Data records:
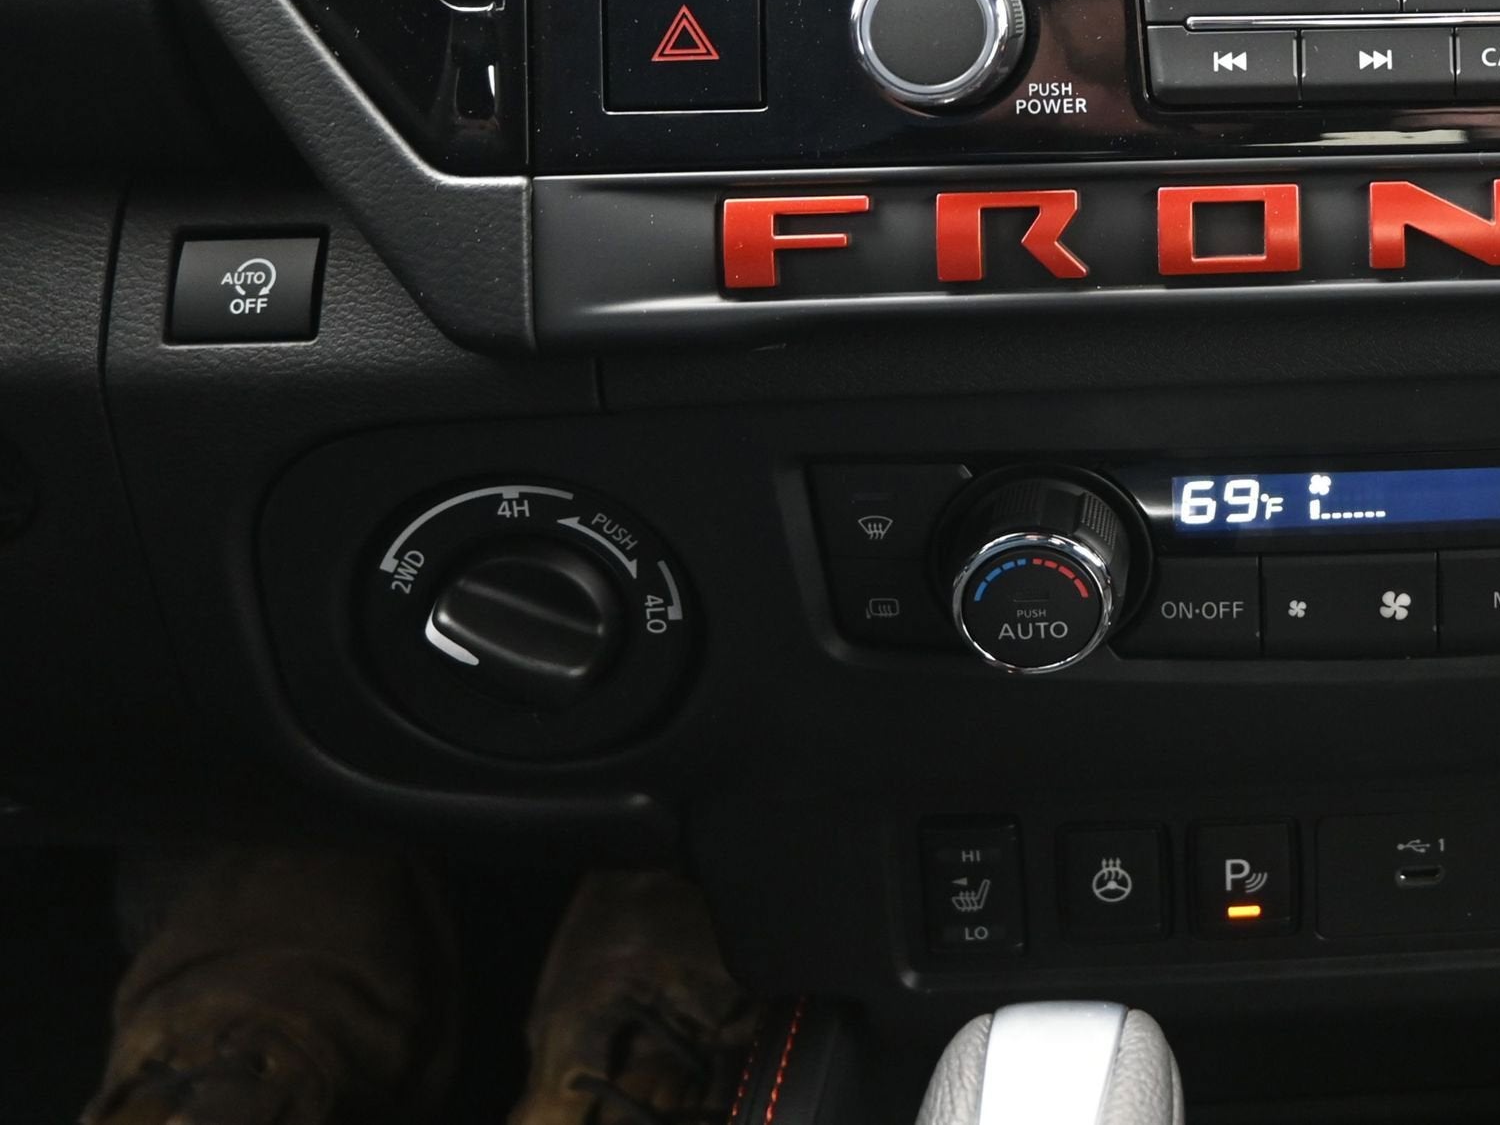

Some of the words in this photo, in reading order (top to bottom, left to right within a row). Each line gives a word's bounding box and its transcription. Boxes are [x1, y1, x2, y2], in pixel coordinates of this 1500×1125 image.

[1028, 82, 1072, 97] PUSH
[1015, 97, 1088, 115] POWER
[220, 271, 266, 286] AUTO
[229, 297, 268, 315] OFF
[497, 499, 531, 518] 4H
[590, 512, 637, 552] PUSH
[390, 549, 426, 595] 2WD
[644, 594, 668, 634] 4LO
[1016, 608, 1047, 619] PUSH
[998, 621, 1069, 640] AUTO
[1438, 838, 1445, 852] 1
[961, 850, 981, 863] HI
[964, 926, 989, 941] LO

What you have to do: Output all of the entries once more, word for word, with the images removed.

Finished task:
Some of the words in this photo, in reading order (top to bottom, left to right within a row). Each line gives a word's bounding box and its transcription. Boxes are [x1, y1, x2, y2], in pixel coordinates of this 1500×1125 image.

[1028, 82, 1072, 97] PUSH
[1015, 97, 1088, 115] POWER
[220, 271, 266, 286] AUTO
[229, 297, 268, 315] OFF
[497, 499, 531, 518] 4H
[590, 512, 637, 552] PUSH
[390, 549, 426, 595] 2WD
[644, 594, 668, 634] 4LO
[1016, 608, 1047, 619] PUSH
[998, 621, 1069, 640] AUTO
[1438, 838, 1445, 852] 1
[961, 850, 981, 863] HI
[964, 926, 989, 941] LO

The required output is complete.